Nikita took farewell of his friends, went to the palace, and asked the Tsar to collect for him twelve brave youths, the same in stature, in hair, and in voice, and to prepare besides thirteen white woven tents with golden embroidery. Everything was soon ready; the young men were collected at once, and the tents made.
"Now, Great Tsar," said Nikita, "get ready, and we will go for the bride".
They saddled their good steeds, packed the tents on the horses. After that they had a prayer in the church, took leave of the people of the town, sat on their steeds, and galloped away; nothing but a pillar of dust behind them. They travelled one day, a second, and a third. In the open field was a forge. Said Nikita: "Go straight ahead with God, and I will run into the forge and smoke a pipe." He entered the forge; fifteen blacksmiths were forging iron inside, striking with their hammers.
"God aid you, brothers!"
"God save thee, good man!"
"Make me a staff fifteen poods1 weight".
"To make it we are not unwilling; but who will turn the iron? Fifteen poods are no joke".
"That is nothing, brothers; you beat with the hammers, and I 'll turn the iron".

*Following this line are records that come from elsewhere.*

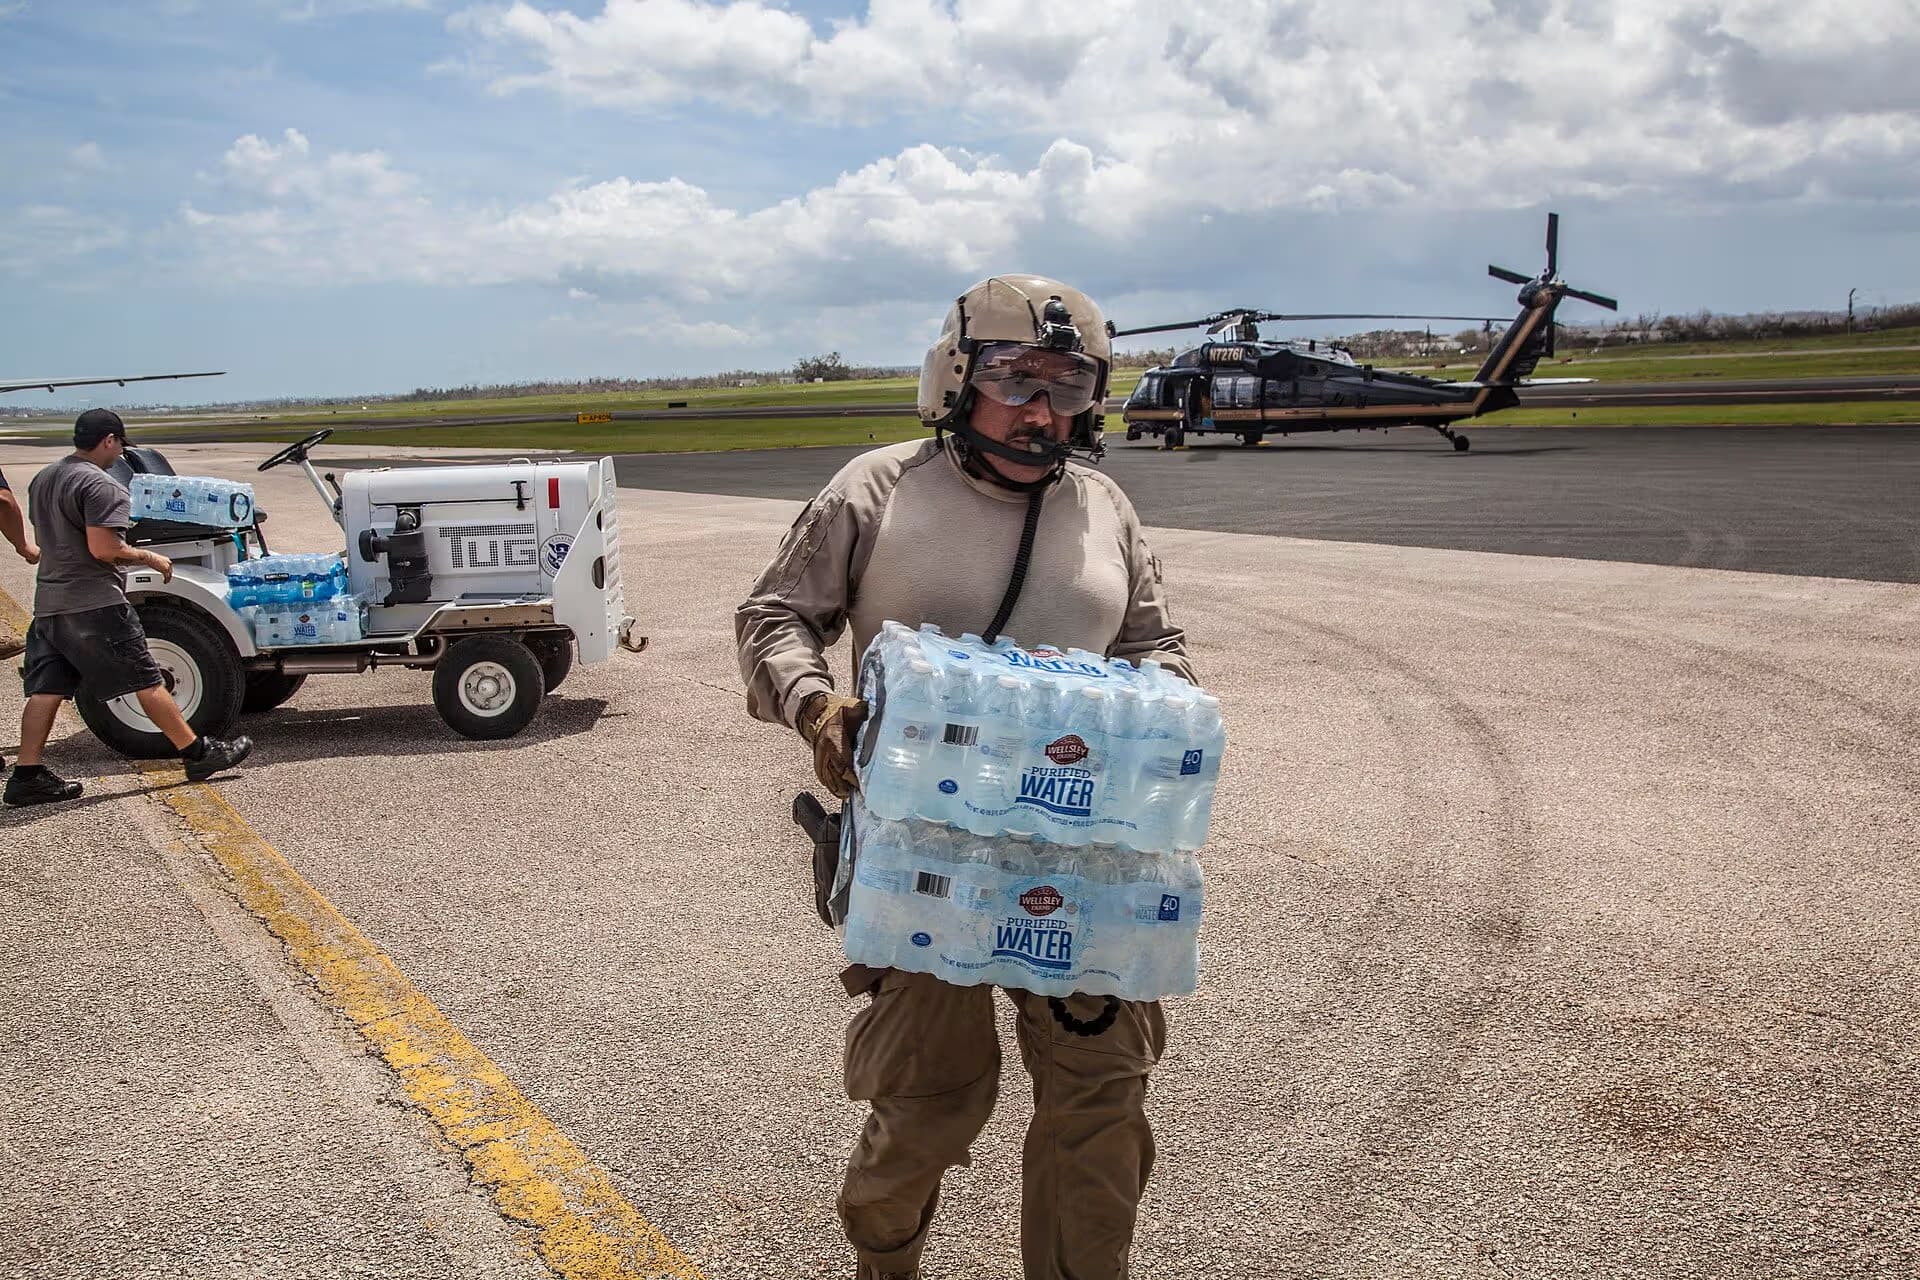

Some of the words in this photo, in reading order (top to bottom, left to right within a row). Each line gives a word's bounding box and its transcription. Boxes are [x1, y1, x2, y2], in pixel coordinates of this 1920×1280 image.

[439, 523, 537, 568] TUG
[1002, 651, 1103, 675] WATER
[1047, 743, 1087, 756] WELLSLEY
[1185, 751, 1200, 765] 40
[1031, 766, 1091, 779] PURIFIED
[1021, 774, 1094, 807] WATER
[1021, 895, 1062, 906] WELLSLEY
[1162, 896, 1178, 911] 40
[1007, 917, 1068, 930] PURIFIED
[997, 926, 1072, 961] WATER

The blacksmiths went to work and forged an iron staff of fifteen poods. Nikita took the rod, went out into the field, and threw it up ninety feet, held out his hand; the iron staff fell on his hand, but was not equal to the strength of the hero, it broke in two. Nikita Koltoma paid the blacksmiths for their work, threw the broken rod to them, and rode away. He caught up with his comrades. They travelled three days more; again there was a forge in the open field.

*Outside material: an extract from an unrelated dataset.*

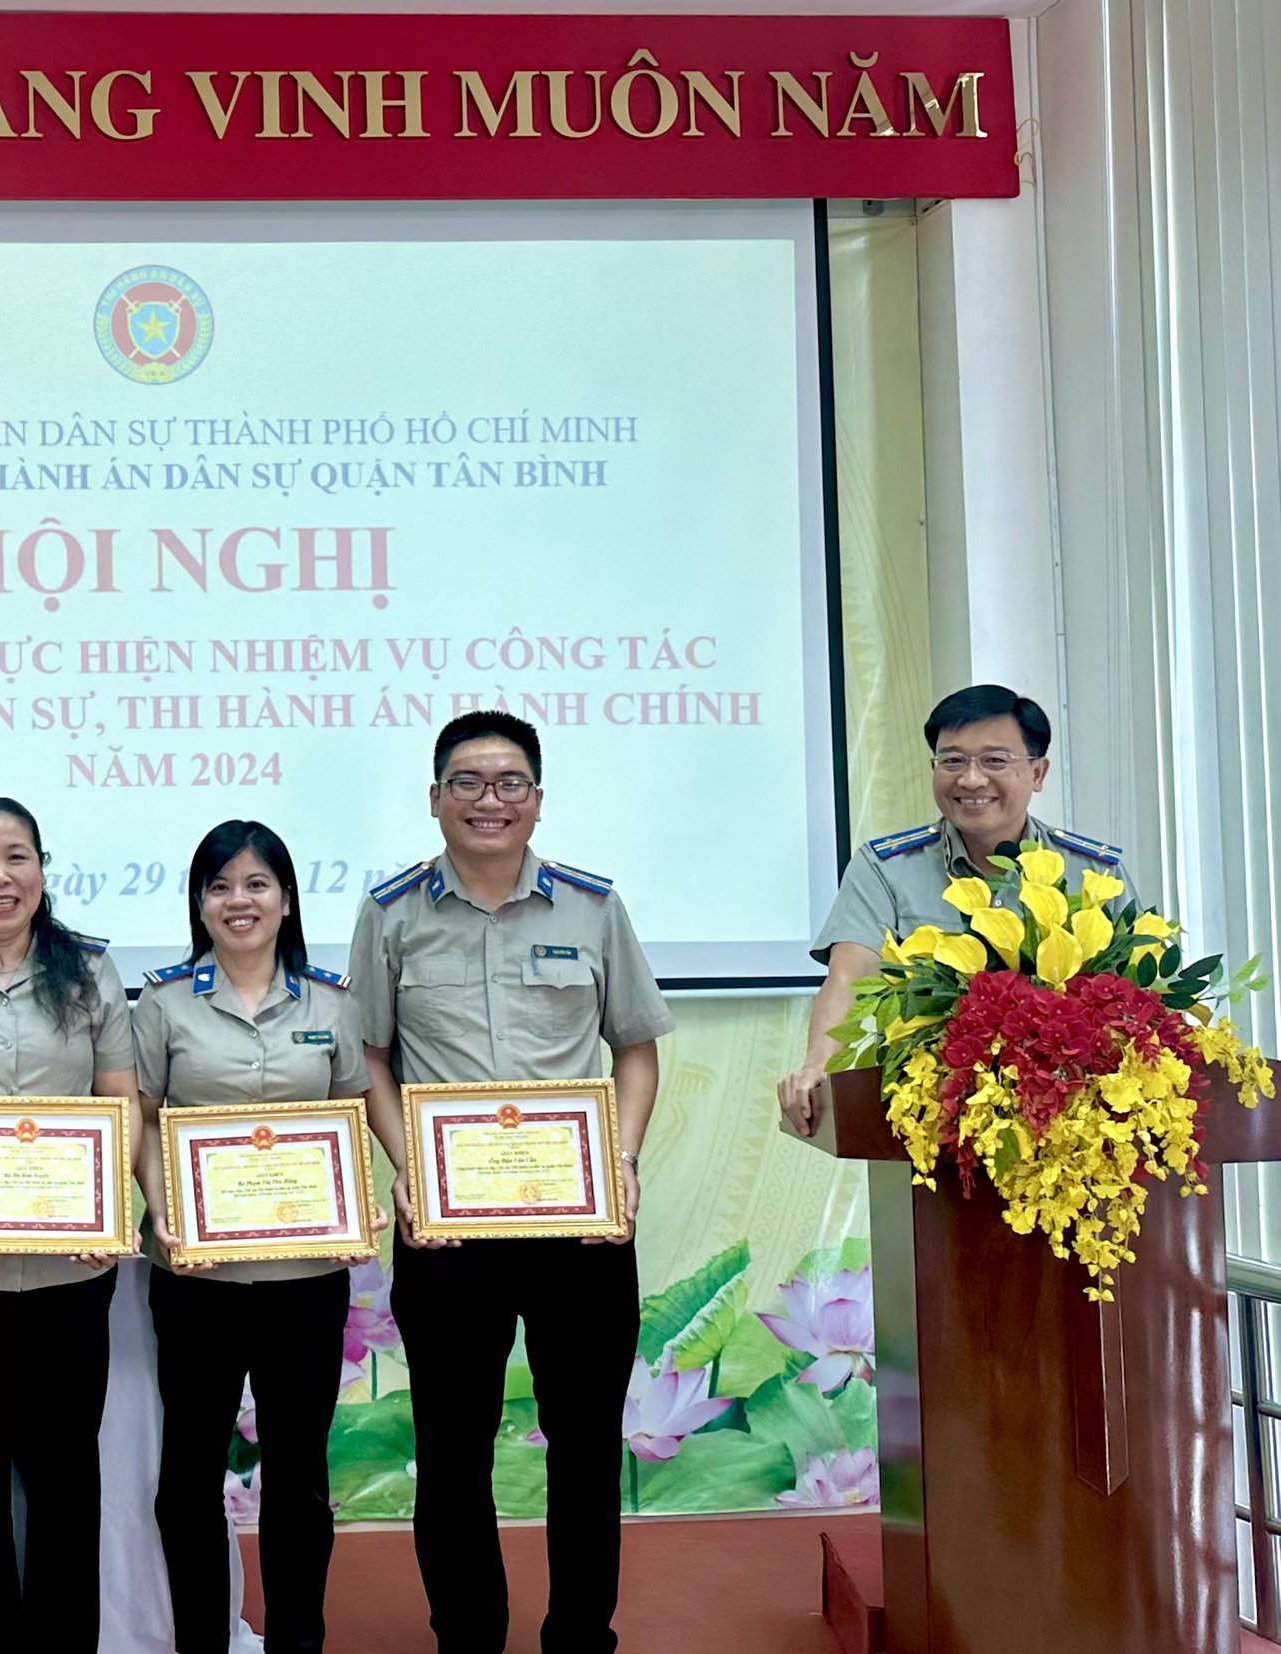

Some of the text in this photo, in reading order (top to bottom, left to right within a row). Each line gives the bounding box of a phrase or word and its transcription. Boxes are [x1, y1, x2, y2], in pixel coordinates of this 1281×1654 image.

"Go on, I will enter this forge," said Nikita. He went into the forge. Twenty-five blacksmiths were working inside, forging iron, pounding with their hammers.
"God aid thee, boys!"
"God save thee, good man!"
"Make me a staff twenty-five poods in weight".
"To forge is no trouble; but where is the man with strength to turn so much iron?"
"I will turn it myself".
He took the twenty-five poods weight of iron, heated it red hot, and turned it on the anvil while the blacksmiths pounded with their hammers. They made a staff twenty-five poods in weight. Nikita took that staff, went out into the open field, threw it up one hundred and fifty feet, and held out his hand: the staff struck the hero's hand and broke in two.
1 One pood = 36 pounds.
"No, this will not do," said Nikita. He paid for the work, sat on his horse, and rode away. He overtook his comrades. They travelled a day, a second, and a third. Again there was a forge in the open field.
"Go on," said Nikita; "I will smoke a pipe in this forge".
He entered the forge, where fifty blacksmiths were tormenting an old man. A gray-haired old man was lying on the anvil; ten men were holding him with pincers by the beard, and forty men were pounding him on the sides with hammers.
"Have pity on me, brothers!" cried the old man, with all his strength. "Leave the life in me to do penance!"
"God aid you!" said Nikita.
"God aid thee, good man!" said the blacksmiths.
"Why are ye tormenting the old man? '
"Because he owes each one of us a rouble, and he will not pay it. Why should n't we beat him?"